Print the listing below exactly, minus its pictures.

____ Source material

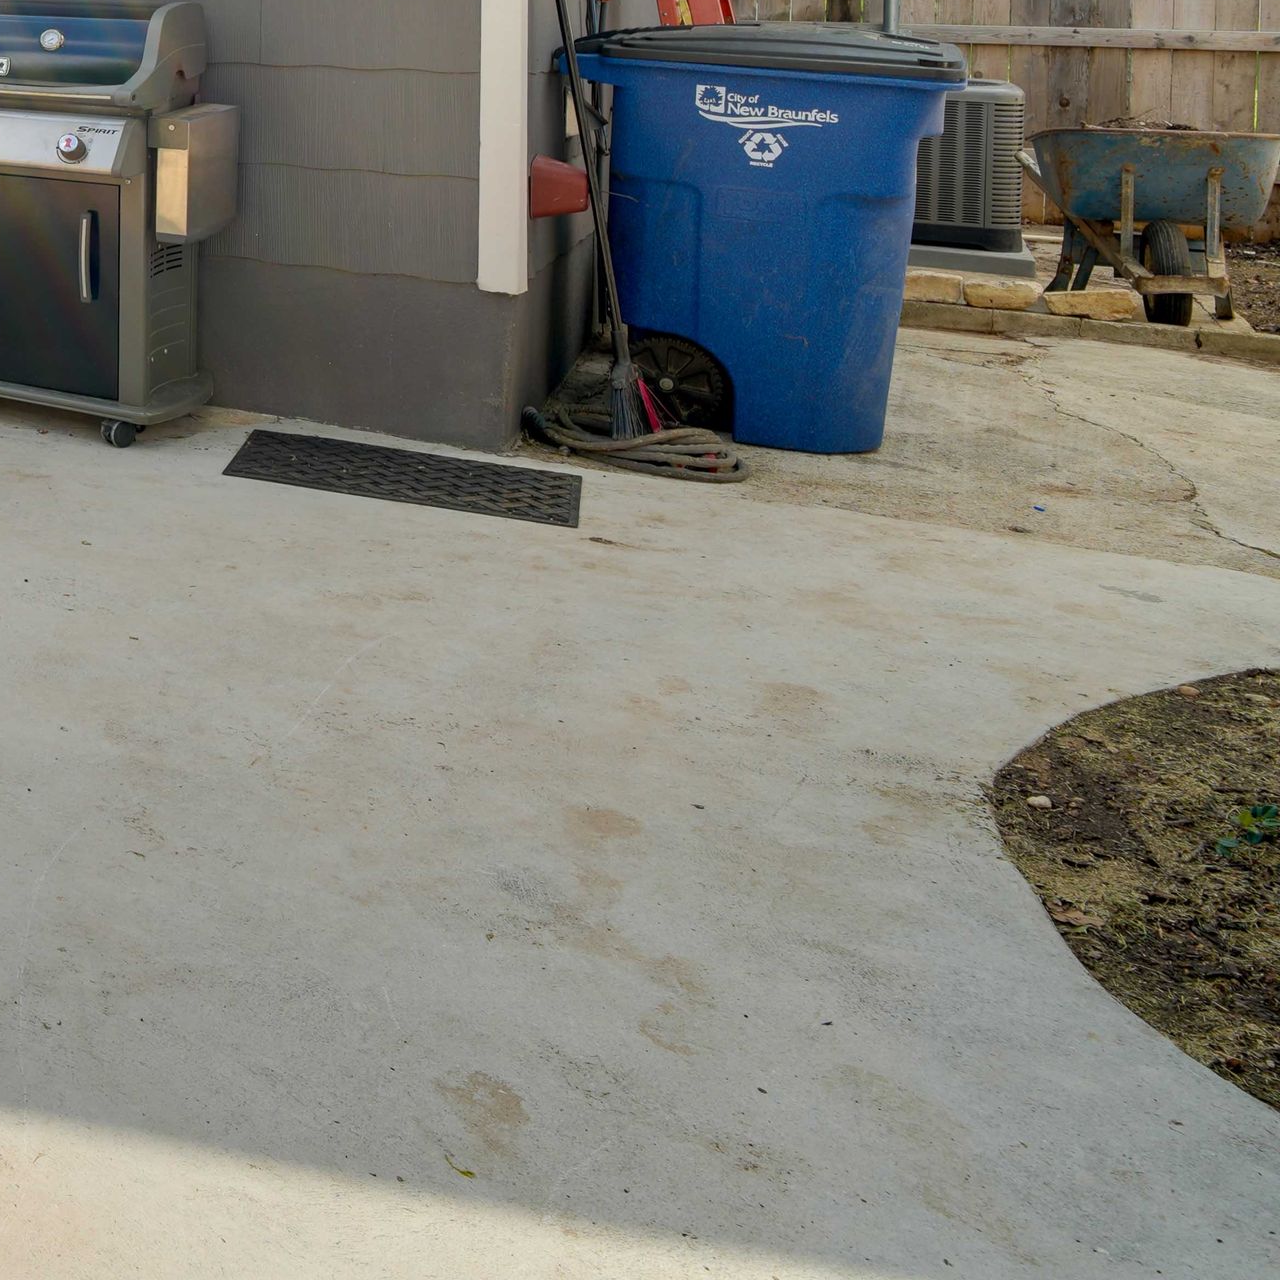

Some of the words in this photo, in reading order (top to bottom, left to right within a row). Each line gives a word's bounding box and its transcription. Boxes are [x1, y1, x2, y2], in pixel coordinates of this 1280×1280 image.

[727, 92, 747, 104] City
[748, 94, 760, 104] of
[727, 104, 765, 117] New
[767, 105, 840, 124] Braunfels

________

Solution to the problem:
Some of the words in this photo, in reading order (top to bottom, left to right within a row). Each line gives a word's bounding box and its transcription. Boxes are [x1, y1, x2, y2], in pixel coordinates of this 1280×1280 image.

[727, 92, 747, 104] City
[748, 94, 760, 104] of
[727, 104, 765, 117] New
[767, 105, 840, 124] Braunfels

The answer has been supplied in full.